Visitabile presso il Museo di Sant’Agostino.

Costituito da un teatrino per marionette dell’Ottocento, è conservato completo del boccascena, un corredo di scenari (38 scene complete di fondali e quinte), mobilio e attrezzeria, 91 marionette (alte circa 40 cm), una ricca sartoria (costumi, calzature, cappelli), circa 30 copioni.

Per le caratteristiche delle marionette, fra cui le mani e i piedi di piombo, se ne è fatta risalire l’origine all’area del Veneto, Friuli Venezia Giulia, mentre numerose scene ricordano i pittori-scenografi che operarono per il Teatro alla Scala di Milano.

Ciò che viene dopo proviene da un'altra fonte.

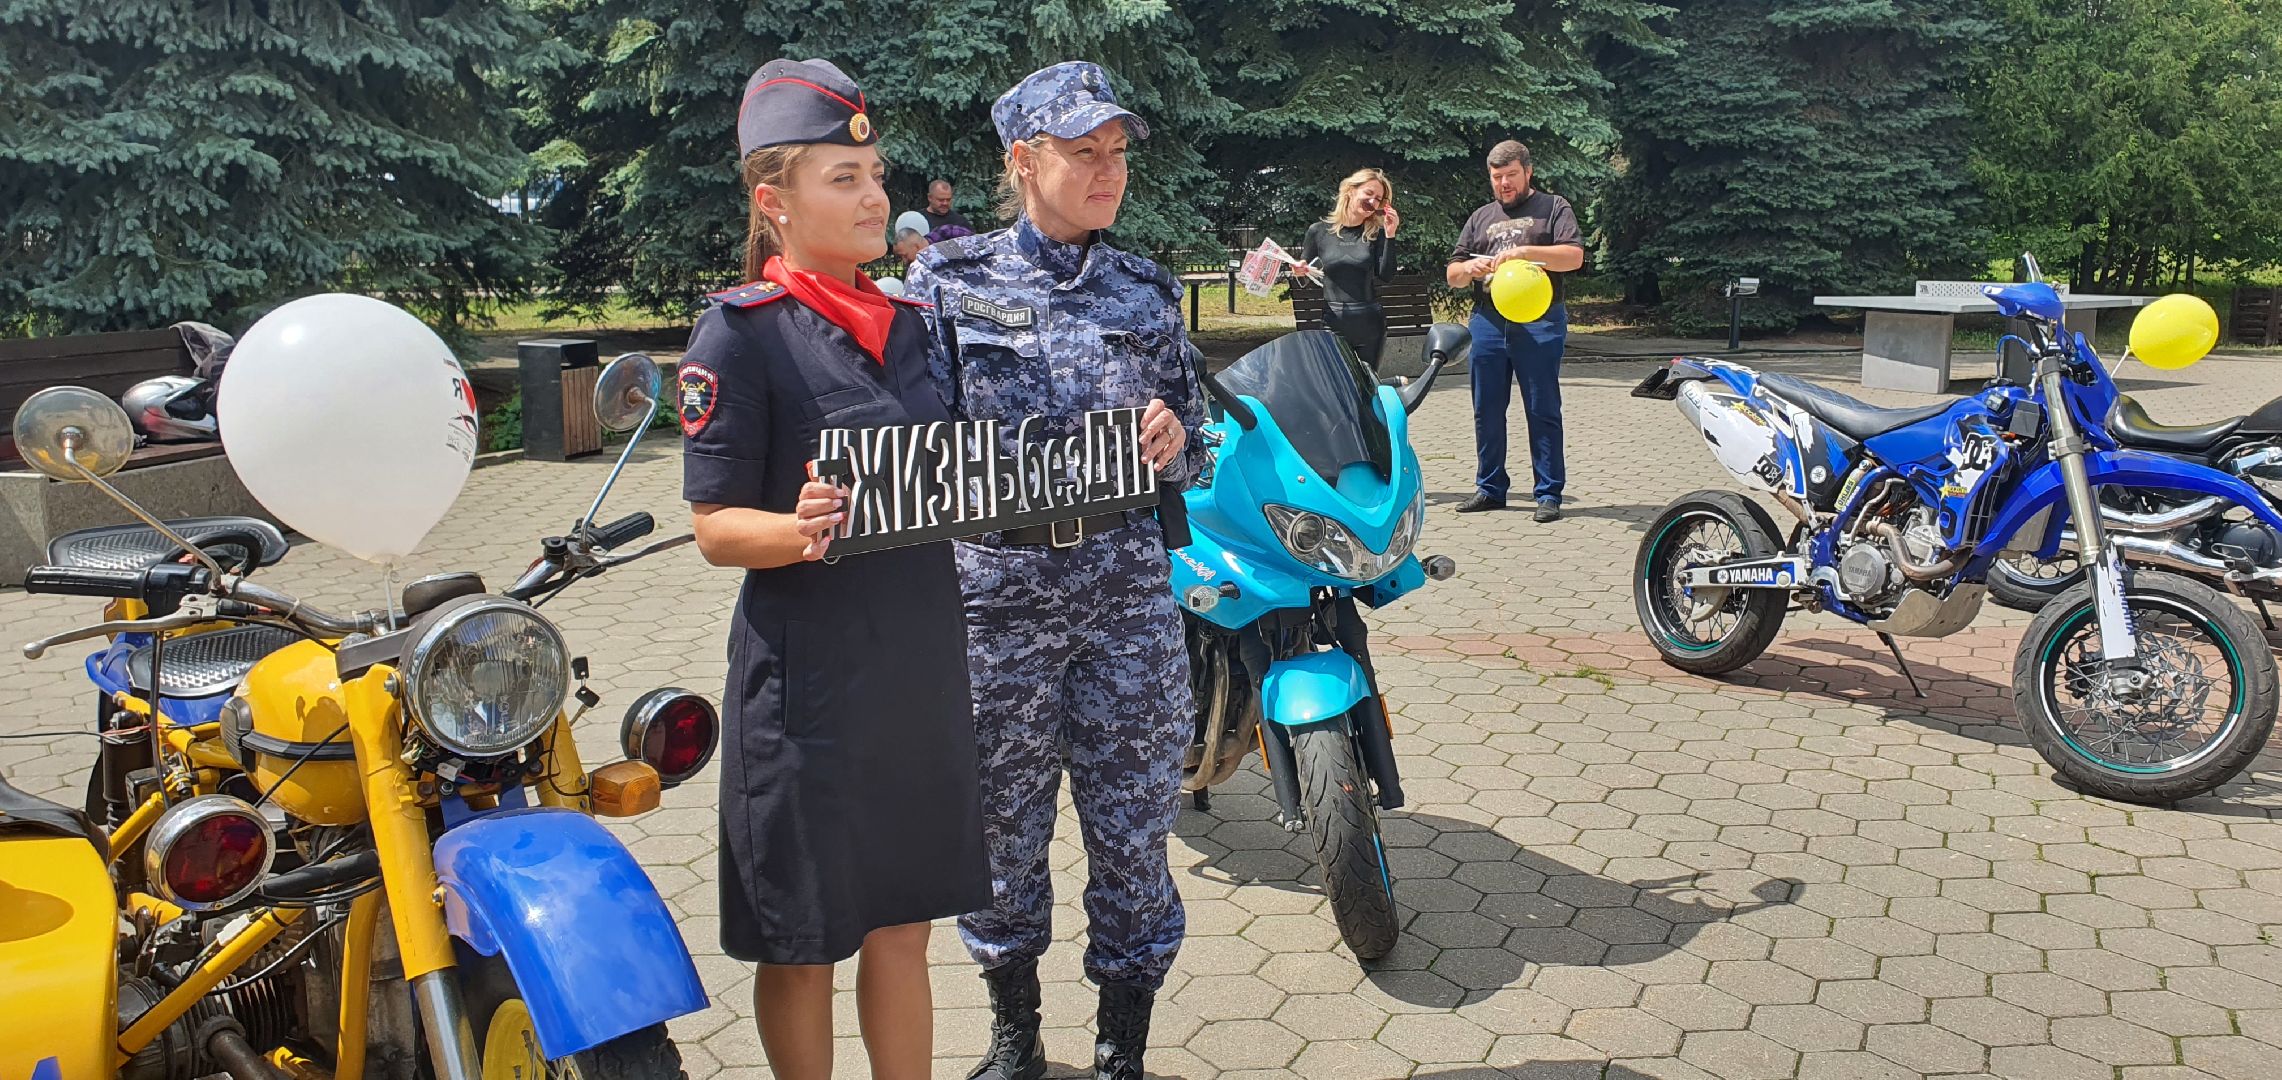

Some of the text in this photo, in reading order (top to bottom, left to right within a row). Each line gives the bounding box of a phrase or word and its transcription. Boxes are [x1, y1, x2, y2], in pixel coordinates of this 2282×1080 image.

Le piccole dimensioni delle scene e delle marionette fanno supporre che fossero state costruite per un teatro privato, su ordinazione di qualche ricco e nobile signore. La documentazione che le accompagna, in particolare i copioni, parte del vestiario e dell’attrezzeria, nomi di testi e gestori, testimoniano però che quel teatrino agì in seguito, grazie ad impresari e marionettisti professionisti, a Modena, Bologna e altre località della zona.

Il teatrino venne acquistato, alla fine dell’Ottocento, da Vittorio Rissone, padre di Giuditta e Checco. “Lo comperò – raccontava Checco Rissone – pensando che un giorno, data la tradizione della nostra famiglia, qualcuno dei suoi discendenti avrebbe potuto, per scelta o per bisogno, diventare marionettista.” Così non fu. Nel 1982 Checco Rissone e Emi, figlia di Giuditta Rissone e Vittorio De Sica, decisero di donarlo al Museo Biblioteca dell’Attore.